**Activity**
Please transcribe the data below in full, word for word, without the images.

╭─ Extracted information

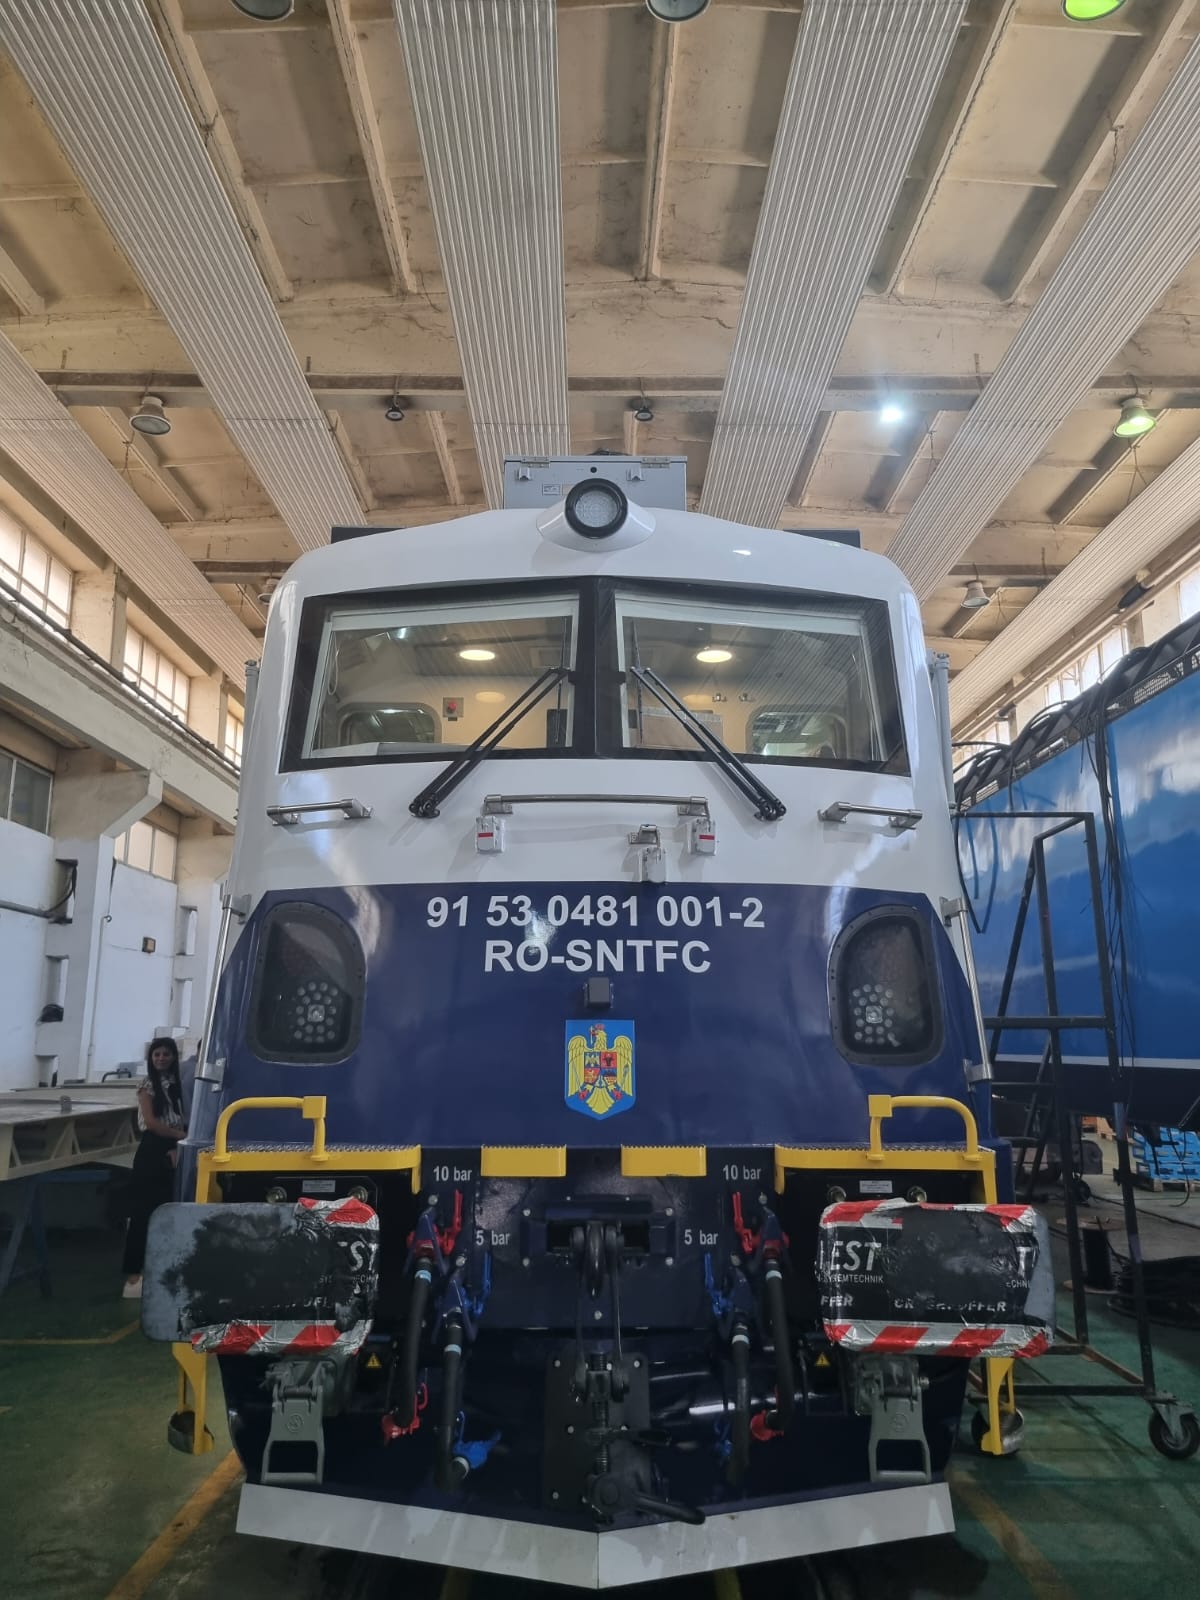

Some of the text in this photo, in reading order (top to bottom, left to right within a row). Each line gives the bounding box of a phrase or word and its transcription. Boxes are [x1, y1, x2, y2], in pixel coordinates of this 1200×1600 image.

[426, 895, 765, 928] 91 53 0481 001-2
[484, 939, 711, 973] RO-SNTFC
[433, 1165, 472, 1181] 10 bar
[722, 1165, 761, 1180] 10 bar
[475, 1229, 510, 1246] 5 bar
[684, 1229, 718, 1245] 5 bar
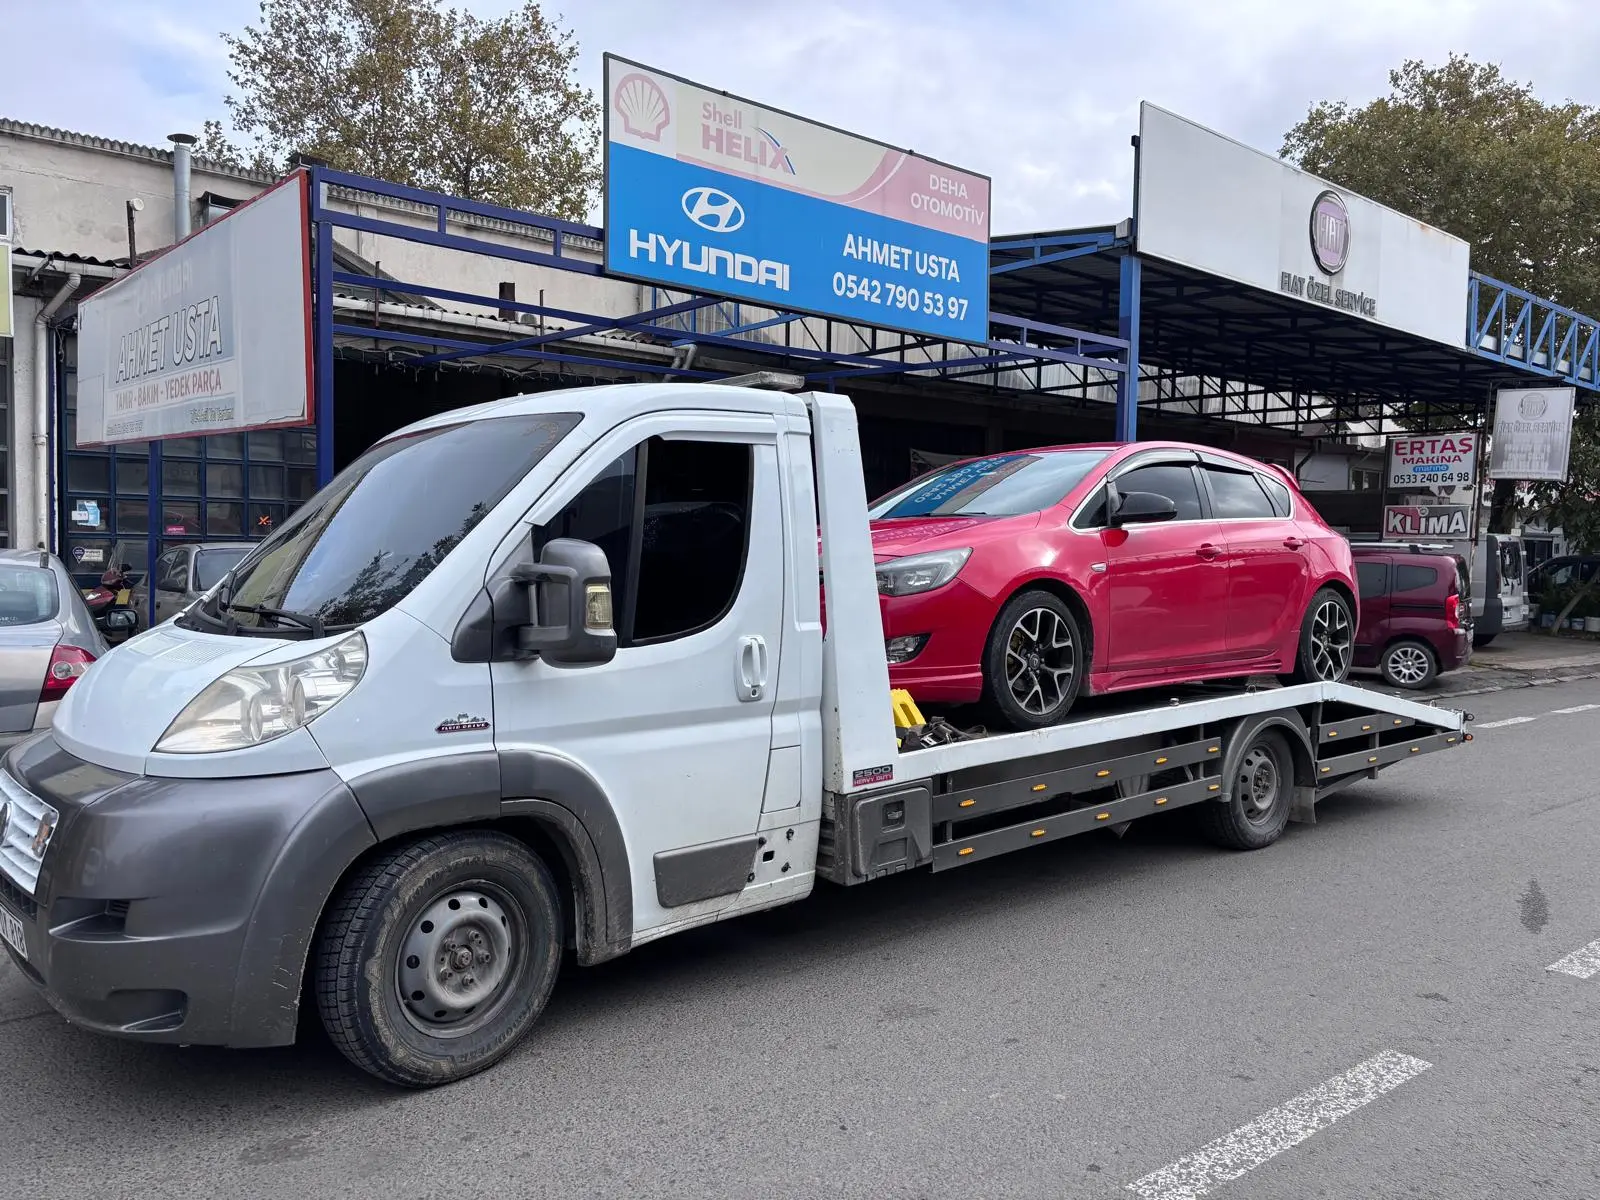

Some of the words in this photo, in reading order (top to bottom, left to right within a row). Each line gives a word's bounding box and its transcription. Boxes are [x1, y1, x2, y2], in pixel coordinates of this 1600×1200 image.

[702, 102, 742, 129] Shell
[701, 123, 791, 173] HELIX
[929, 174, 968, 199] DEHA
[910, 193, 984, 225] OTOMOTİV
[629, 228, 790, 292] HYUNDAI
[843, 233, 912, 271] AHMET
[915, 251, 960, 283] USTA
[832, 271, 881, 304] 0542
[885, 283, 919, 312] 790
[923, 291, 944, 316] 53
[948, 298, 969, 321] 97
[1280, 271, 1305, 296] FIAT
[1307, 276, 1333, 304] ÖZEL
[115, 316, 170, 384] AHMET
[173, 296, 222, 366] USTA
[137, 384, 159, 407] BAKIM
[164, 377, 191, 401] YEDEK
[191, 368, 222, 397] PARÇA
[1394, 437, 1473, 456] ERTAŞ
[1402, 454, 1462, 465] MAKİNA
[1393, 474, 1417, 484] 0533
[1420, 473, 1439, 483] 240
[1441, 472, 1453, 482] 64
[1457, 472, 1470, 482] 98
[854, 766, 891, 777] 2500
[854, 776, 874, 785] HEAVY

╰─

**Final answer**
Some of the text in this photo, in reading order (top to bottom, left to right within a row). Each line gives the bounding box of a phrase or word and its transcription. Boxes are [x1, y1, x2, y2], in pixel coordinates of this 1200×1600 image.

[426, 895, 765, 928] 91 53 0481 001-2
[484, 939, 711, 973] RO-SNTFC
[433, 1165, 472, 1181] 10 bar
[722, 1165, 761, 1180] 10 bar
[475, 1229, 510, 1246] 5 bar
[684, 1229, 718, 1245] 5 bar

Some of the words in this photo, in reading order (top to bottom, left to right within a row). Each line gives a word's bounding box and its transcription. Boxes are [x1, y1, x2, y2], in pixel coordinates of this 1600×1200 image.

[702, 102, 742, 129] Shell
[701, 123, 791, 173] HELIX
[929, 174, 968, 199] DEHA
[910, 193, 984, 225] OTOMOTİV
[629, 228, 790, 292] HYUNDAI
[843, 233, 912, 271] AHMET
[915, 251, 960, 283] USTA
[832, 271, 881, 304] 0542
[885, 283, 919, 312] 790
[923, 291, 944, 316] 53
[948, 298, 969, 321] 97
[1280, 271, 1305, 296] FIAT
[1307, 276, 1333, 304] ÖZEL
[115, 316, 170, 384] AHMET
[173, 296, 222, 366] USTA
[137, 384, 159, 407] BAKIM
[164, 377, 191, 401] YEDEK
[191, 368, 222, 397] PARÇA
[1394, 437, 1473, 456] ERTAŞ
[1402, 454, 1462, 465] MAKİNA
[1393, 474, 1417, 484] 0533
[1420, 473, 1439, 483] 240
[1441, 472, 1453, 482] 64
[1457, 472, 1470, 482] 98
[854, 766, 891, 777] 2500
[854, 776, 874, 785] HEAVY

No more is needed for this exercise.